• [WHAT THE TASK REQUIRES]: Go through the records and restate them word for word, omitting images.

Text-to-region grounding data:
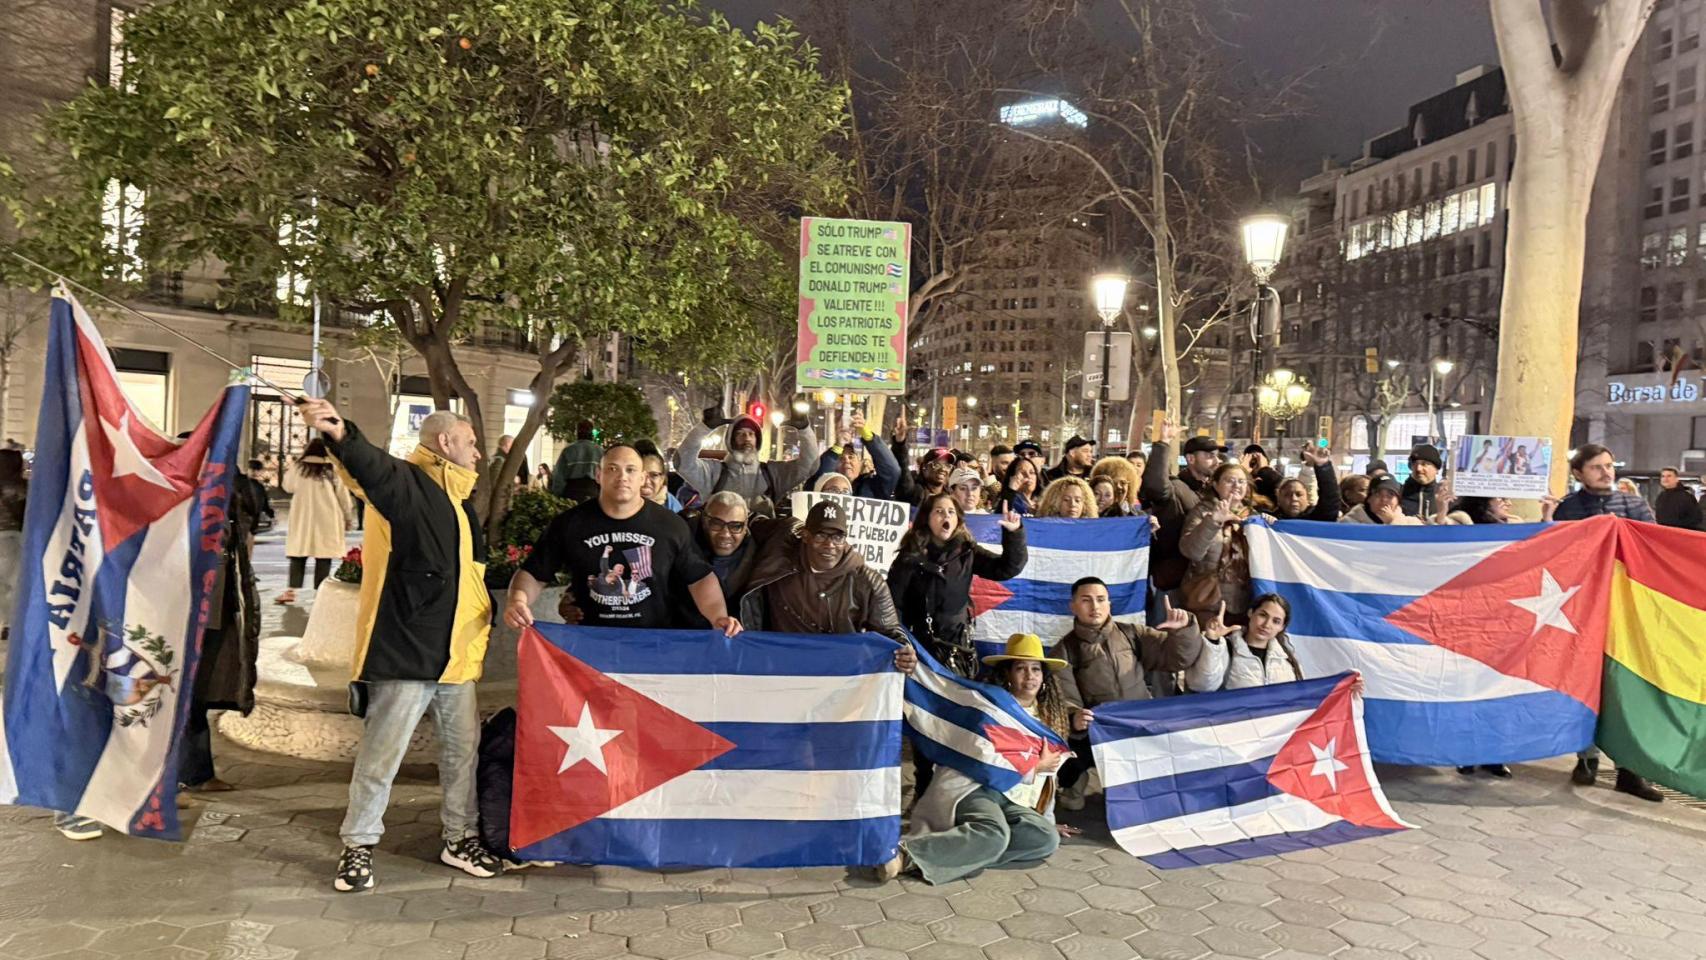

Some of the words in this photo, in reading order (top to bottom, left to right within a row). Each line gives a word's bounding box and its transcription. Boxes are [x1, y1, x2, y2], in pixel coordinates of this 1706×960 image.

[818, 222, 845, 238] SÓLO
[847, 226, 882, 240] TRUMP
[817, 244, 830, 256] SE
[832, 245, 872, 257] ATREVE
[876, 246, 897, 258] CON
[810, 261, 823, 273] EL
[825, 262, 885, 275] COMUNISMO
[809, 280, 851, 293] DONALD
[853, 281, 887, 293] TRUMP
[824, 299, 872, 311] VALIENTE
[817, 316, 838, 328] LOS
[839, 316, 892, 329] PATRIOTAS
[826, 334, 867, 346] BUENOS
[872, 335, 885, 347] TE
[819, 351, 875, 363] DEFIENDEN
[1608, 382, 1666, 404] Borsa
[1670, 377, 1697, 402] de
[807, 494, 906, 526] LERTAD
[858, 525, 898, 542] PUEBLO
[584, 533, 610, 549] YOU
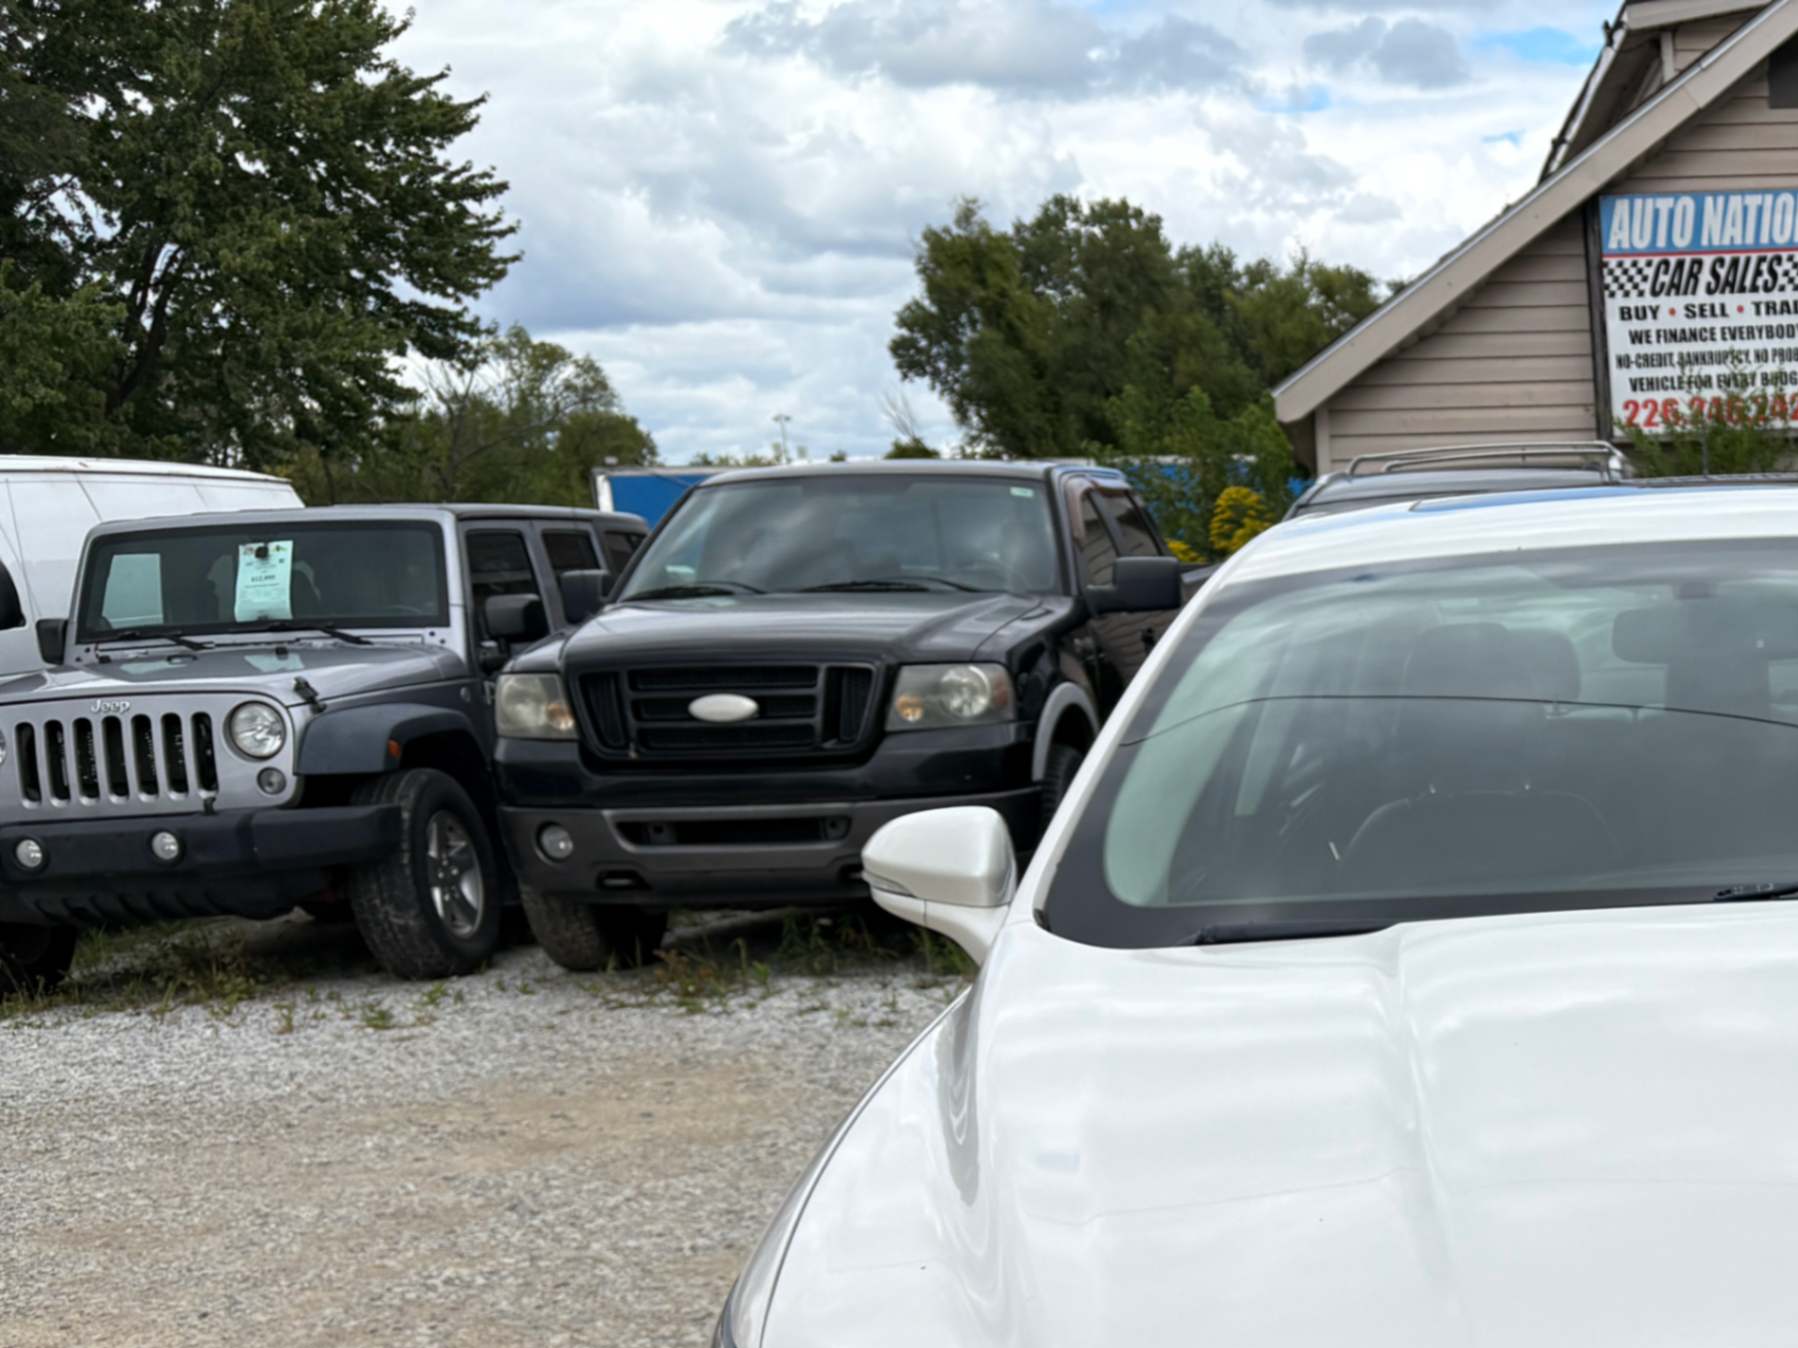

• [FINISHED EXERCISE]:
Some of the words in this photo, in reading order (top to bottom, left to right within a row). Each line gives a word's bounding box and its transcription. Boxes are [x1, y1, x2, y2], in pixel coordinates of this 1706×960 image.

[818, 222, 845, 238] SÓLO
[847, 226, 882, 240] TRUMP
[817, 244, 830, 256] SE
[832, 245, 872, 257] ATREVE
[876, 246, 897, 258] CON
[810, 261, 823, 273] EL
[825, 262, 885, 275] COMUNISMO
[809, 280, 851, 293] DONALD
[853, 281, 887, 293] TRUMP
[824, 299, 872, 311] VALIENTE
[817, 316, 838, 328] LOS
[839, 316, 892, 329] PATRIOTAS
[826, 334, 867, 346] BUENOS
[872, 335, 885, 347] TE
[819, 351, 875, 363] DEFIENDEN
[1608, 382, 1666, 404] Borsa
[1670, 377, 1697, 402] de
[807, 494, 906, 526] LERTAD
[858, 525, 898, 542] PUEBLO
[584, 533, 610, 549] YOU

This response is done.